Notice anything wrong with that last sentence? "Chinatown" can be used broadly to refer to any part of town with a high concentration of Chinese businesses and organisations or narrowly to refer to specific neighbourhood with an extended history of hosting such businesses and organisations. Guess which definition the report used. Depending on how you count them, there are as many as nine Chinatowns in and around NYC, six of them within the Five Boroughs. Out-of-towners, of course, are generally only aware of the one in Manhattan. Is it really surprising that the one all the tourists go to is becoming too touristy? Moreover, everyone without a six-figure income is being priced out of Manhattan (and, increasingly, Brooklyn and Queens as well), so why should they Chinese be any different?
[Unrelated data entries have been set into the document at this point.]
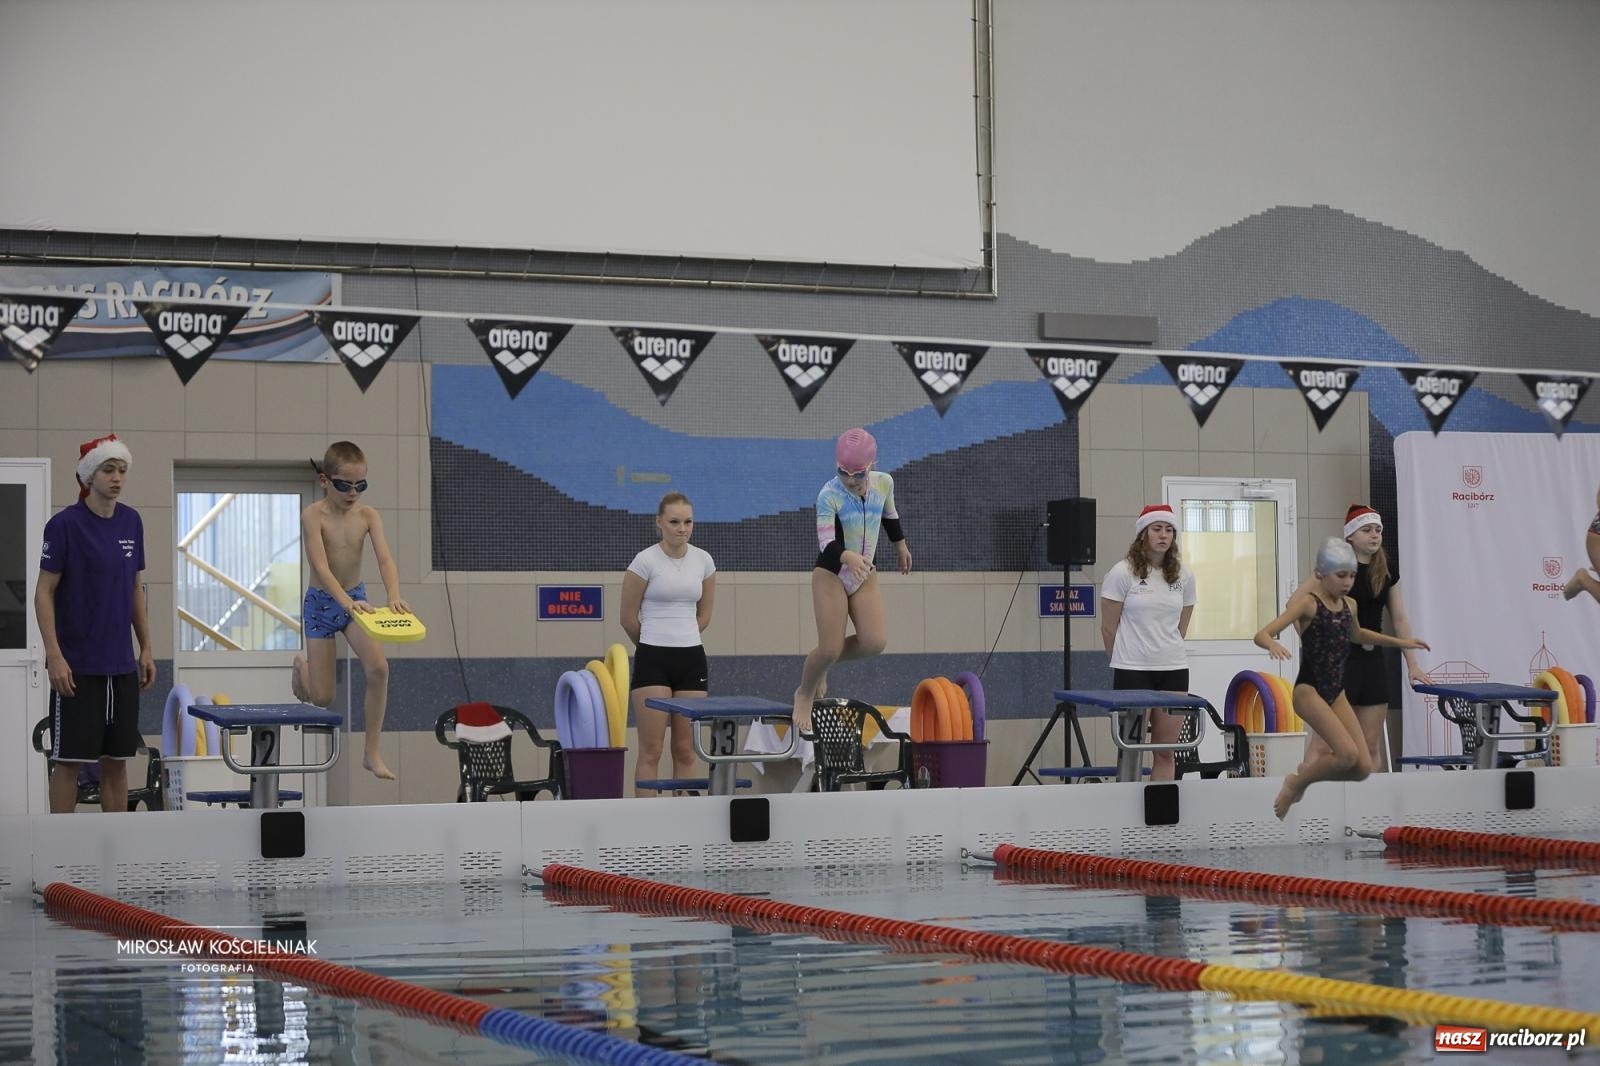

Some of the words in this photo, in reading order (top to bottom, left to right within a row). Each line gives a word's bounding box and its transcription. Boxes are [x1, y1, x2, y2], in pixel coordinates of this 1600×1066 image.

[0, 302, 59, 327] arena
[158, 311, 222, 335] arena
[332, 319, 395, 344] arena
[489, 325, 548, 351] arena
[634, 335, 691, 358] arena
[778, 342, 833, 365] arena
[914, 350, 967, 372] arena
[1047, 356, 1097, 378] arena
[1178, 363, 1226, 384] arena
[1300, 369, 1347, 389] arena
[1416, 375, 1459, 395] arena
[1536, 381, 1578, 400] arena
[1452, 491, 1495, 501] Racibórz
[559, 591, 581, 601] NIE
[1055, 590, 1079, 600] ZAAZ
[1532, 583, 1566, 591] Racibó
[547, 604, 593, 615] BIEGAJ
[1050, 602, 1085, 612] SKAANIA
[720, 720, 736, 756] 3
[1128, 714, 1143, 745] 4
[261, 730, 276, 767] 2
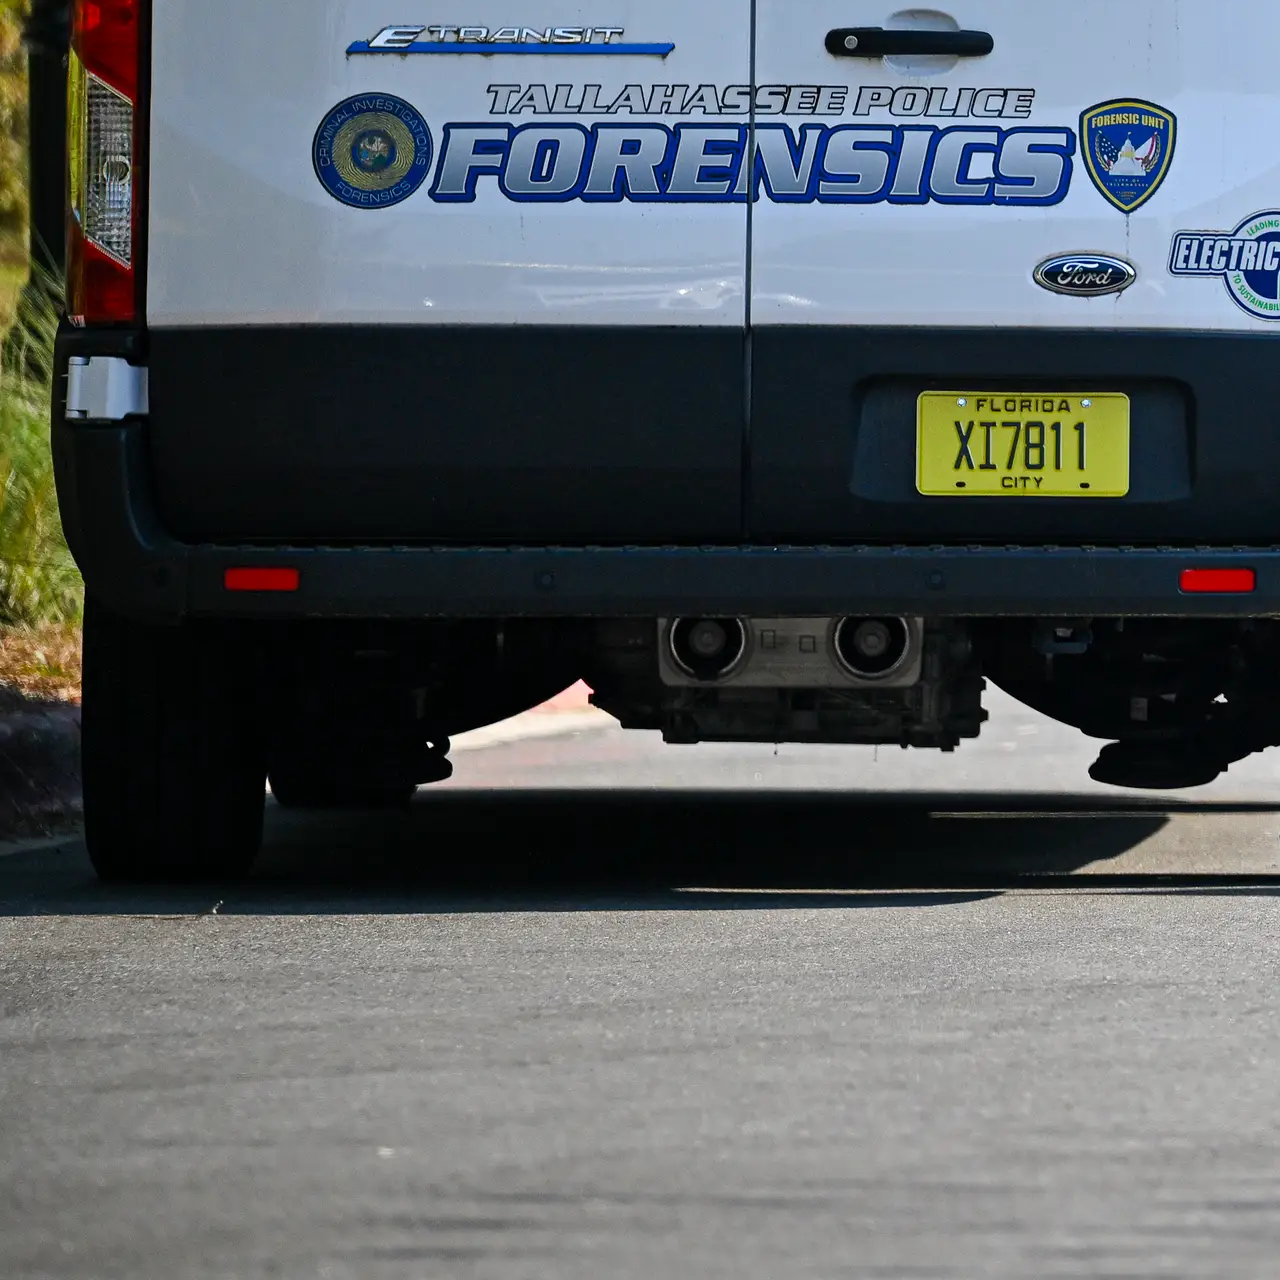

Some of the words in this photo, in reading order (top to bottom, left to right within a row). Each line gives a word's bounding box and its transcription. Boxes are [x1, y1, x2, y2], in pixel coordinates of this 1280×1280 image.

[486, 84, 848, 116] TALLAHASSEE
[852, 85, 1036, 119] POLICE
[1091, 113, 1140, 129] FORENSIC
[1141, 114, 1165, 130] UNIT
[320, 109, 353, 167] CRIMINAL
[352, 99, 428, 166] INVESTIGATIONS
[428, 122, 1077, 207] FORENSICS
[335, 180, 411, 203] FORENSICS
[1246, 219, 1280, 237] LEADING
[1057, 262, 1112, 284] Ford
[1233, 273, 1242, 284] TO
[976, 398, 1071, 412] FLORIDA
[954, 420, 1085, 470] XI7811
[1001, 476, 1044, 488] CITY
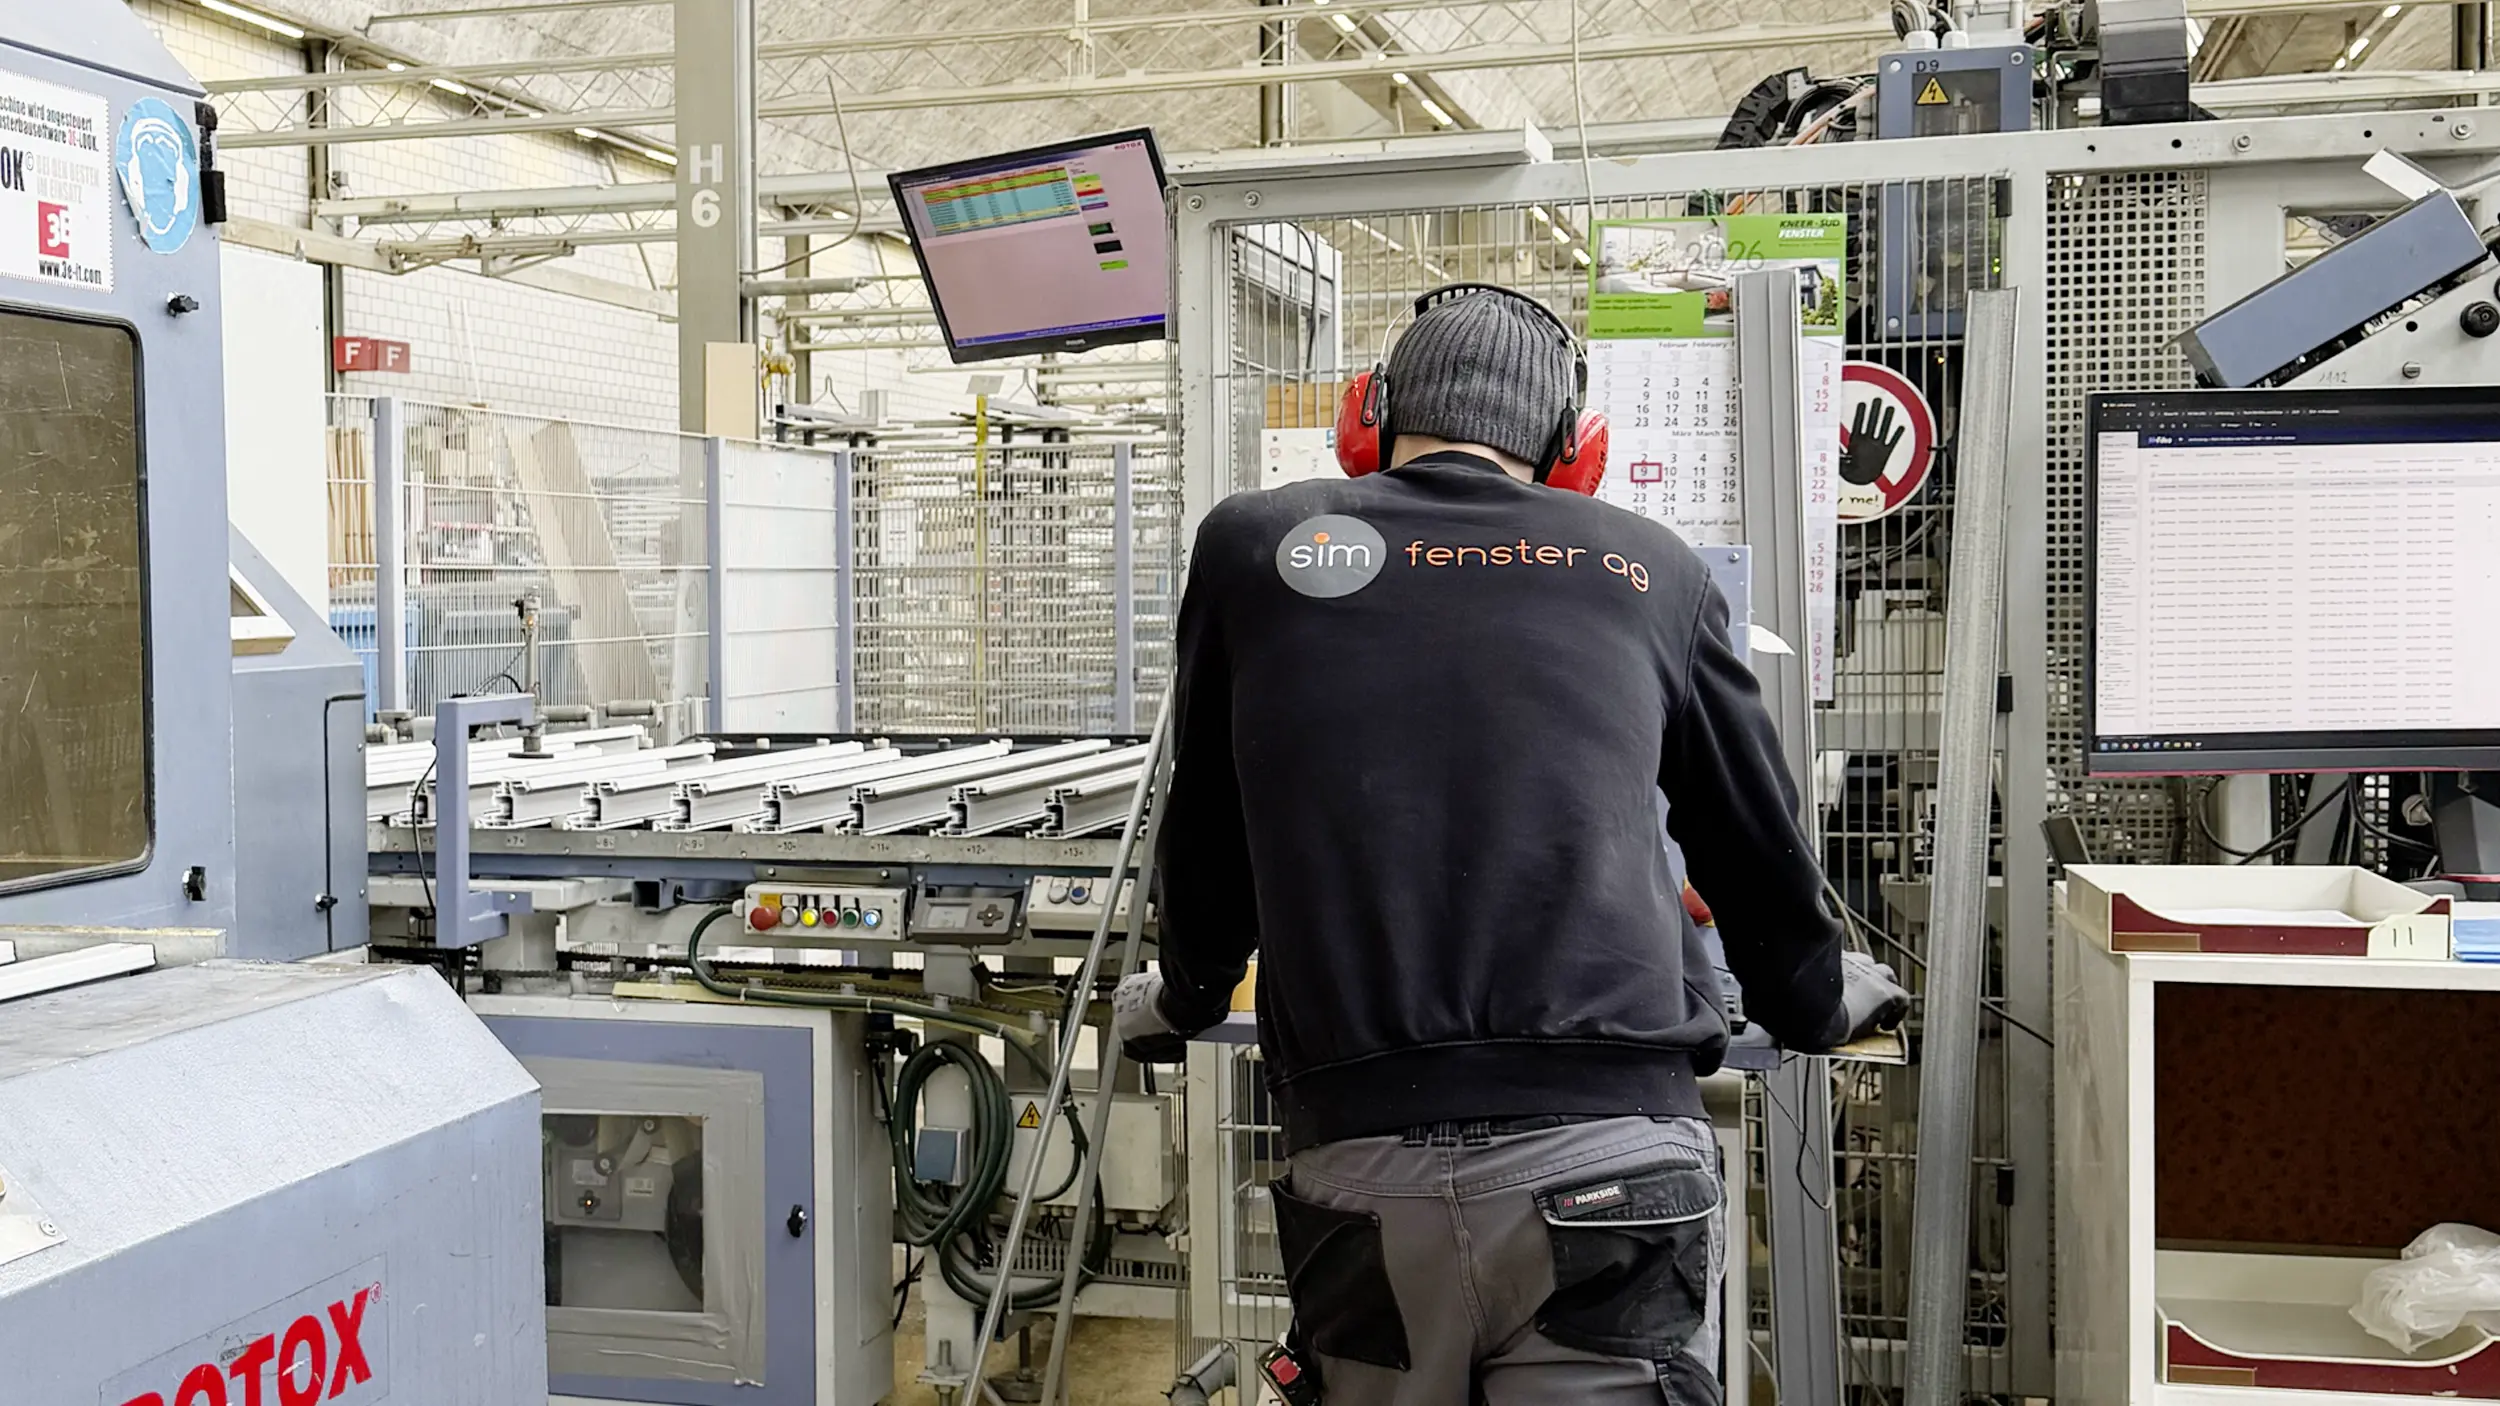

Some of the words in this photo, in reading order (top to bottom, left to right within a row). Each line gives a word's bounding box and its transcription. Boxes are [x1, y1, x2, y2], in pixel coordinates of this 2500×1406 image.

[28, 102, 45, 120] wird
[46, 107, 92, 132] angesteuert
[690, 144, 722, 184] H
[692, 189, 720, 228] 6
[1778, 228, 1824, 238] FENSTER
[1685, 240, 1765, 272] 2026
[39, 260, 102, 285] www.3e-it.com
[345, 342, 361, 365] F
[387, 346, 402, 367] F
[1824, 362, 1829, 372] 1
[1643, 377, 1651, 388] 2
[1672, 377, 1680, 388] 3
[1702, 377, 1710, 387] 4
[1822, 375, 1829, 386] 8
[1643, 391, 1650, 401] 9
[1666, 390, 1679, 401] 10
[1696, 390, 1708, 401] 11
[1816, 388, 1829, 399] 15
[1636, 404, 1650, 414] 16
[1665, 404, 1679, 414] 17
[1695, 404, 1708, 414] 18
[1814, 402, 1828, 412] 22
[1635, 417, 1649, 427] 23
[1664, 417, 1679, 427] 24
[1694, 417, 1708, 427] 25
[1723, 417, 1737, 427] 26
[1671, 453, 1678, 463] 3
[1699, 453, 1707, 463] 4
[1729, 453, 1737, 463] 5
[1820, 453, 1827, 462] 8
[1641, 467, 1648, 477] 9
[1664, 467, 1678, 477] 10
[1693, 467, 1706, 477] 11
[1723, 467, 1737, 477] 12
[1813, 467, 1827, 477] 15
[1664, 481, 1677, 490] 17
[1693, 481, 1706, 490] 18
[1723, 480, 1736, 490] 19
[1812, 480, 1826, 490] 22
[1633, 493, 1647, 503] 23
[1662, 493, 1676, 503] 24
[1692, 493, 1706, 503] 25
[1721, 493, 1736, 503] 26
[1812, 493, 1826, 503] 29
[1850, 494, 1879, 508] me!
[1662, 506, 1675, 516] 31
[1676, 519, 1695, 527] April
[1700, 519, 1718, 527] April
[1817, 542, 1824, 550] 5
[1290, 532, 1370, 568] sim
[1405, 538, 1586, 567] fenster
[1602, 553, 1648, 592] ag
[1811, 556, 1824, 567] 12
[1810, 569, 1823, 579] 19
[1809, 582, 1823, 593] 26
[1574, 1185, 1621, 1205] PARKSIDE
[121, 1288, 372, 1406] TOX
Talking about some of the newly-emerged and -emerging Chinatowns would've added some nice balance to the article: It's not that Chinese aren't coming here or are instantly assimilating when they step off the plane, it's just that they're settling elsewhere. This isn't a new phenomenon either: IIRC, Chicago's Chinatown relocated twice before it ended up established at Wentworth and Cermak. (It's still flourishing, btw, since property prices on the South Side can't even touch those of the Outer Boroughs, much less Lower Manhattan.) St Louis didn't have anything resembling a traditional Chinatown when I was growing up. (It got bulldozed to make way for Busch Stadium right around the time that the Hart-Cellar Act eliminated national quotas, spawning the new wave of Asian immigration.) It does now, along Olive Boulevard in U City. So do Sun Belt cities like Austin and Orlando--places which never had a critical mass of Asian immigrants before.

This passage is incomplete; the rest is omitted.